Their results show a slight effect, and that alone may be interesting, even without significance - if it agrees with other studies, what they mean by slight, etc.
Also, keep in mind that, while we treat it as binary, "not significant" is not an on-off switch. It's probably not equally likely that the effect is in the other direction, and in some cases of non-significance (p = 0.0506) it's actually quite unlikely, but still non-significant.
To use two other examples from research I've seen:
The association between many environmental exposures and rare disease outcomes may never be significant - the outcomes are too rare, the effects small but non-zero, the sample sizes too small, and the studies simply too expensive to run. So you may have twenty non-significicant results, but if they're all in a single direction, that's information.

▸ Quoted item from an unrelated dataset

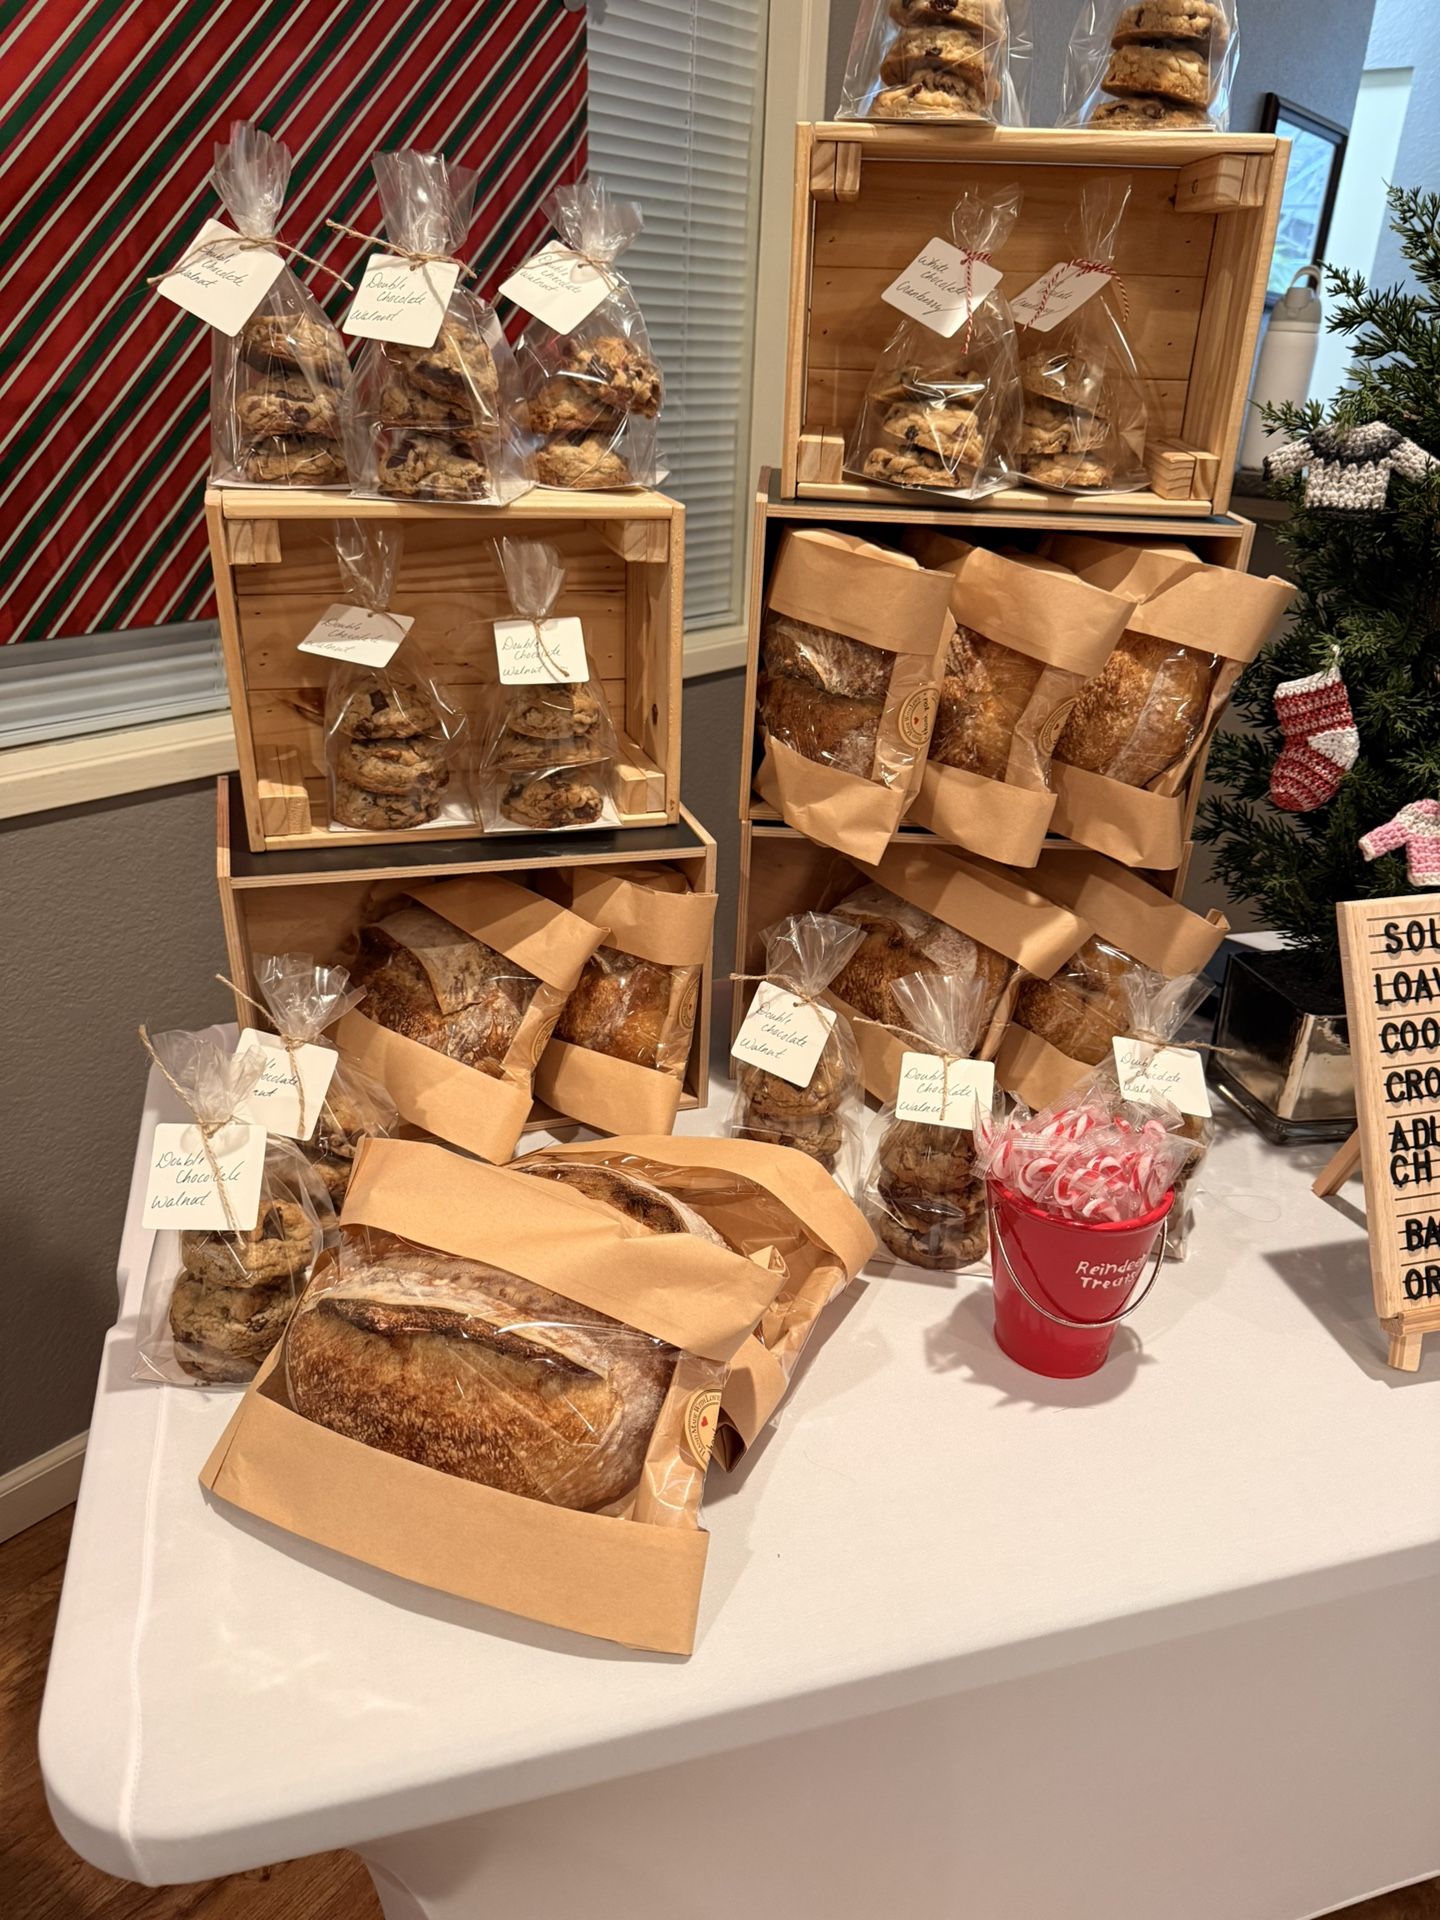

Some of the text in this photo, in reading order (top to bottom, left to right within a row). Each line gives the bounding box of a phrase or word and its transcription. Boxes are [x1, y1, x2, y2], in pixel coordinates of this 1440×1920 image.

In a study I conducted, the hazard ratio of a study turned out to be 1.97 with a confidence interval from 0.96 to 4.01. Not significant, but my sample size was dictated by the size of a particular data set, not the power needed to see an effect of that size. And the vast bulk of the evidence is that there's a positive effect - while it is possible that the effect is zero or a little below, the most likely estimate is above zero, and probably still worth reporting.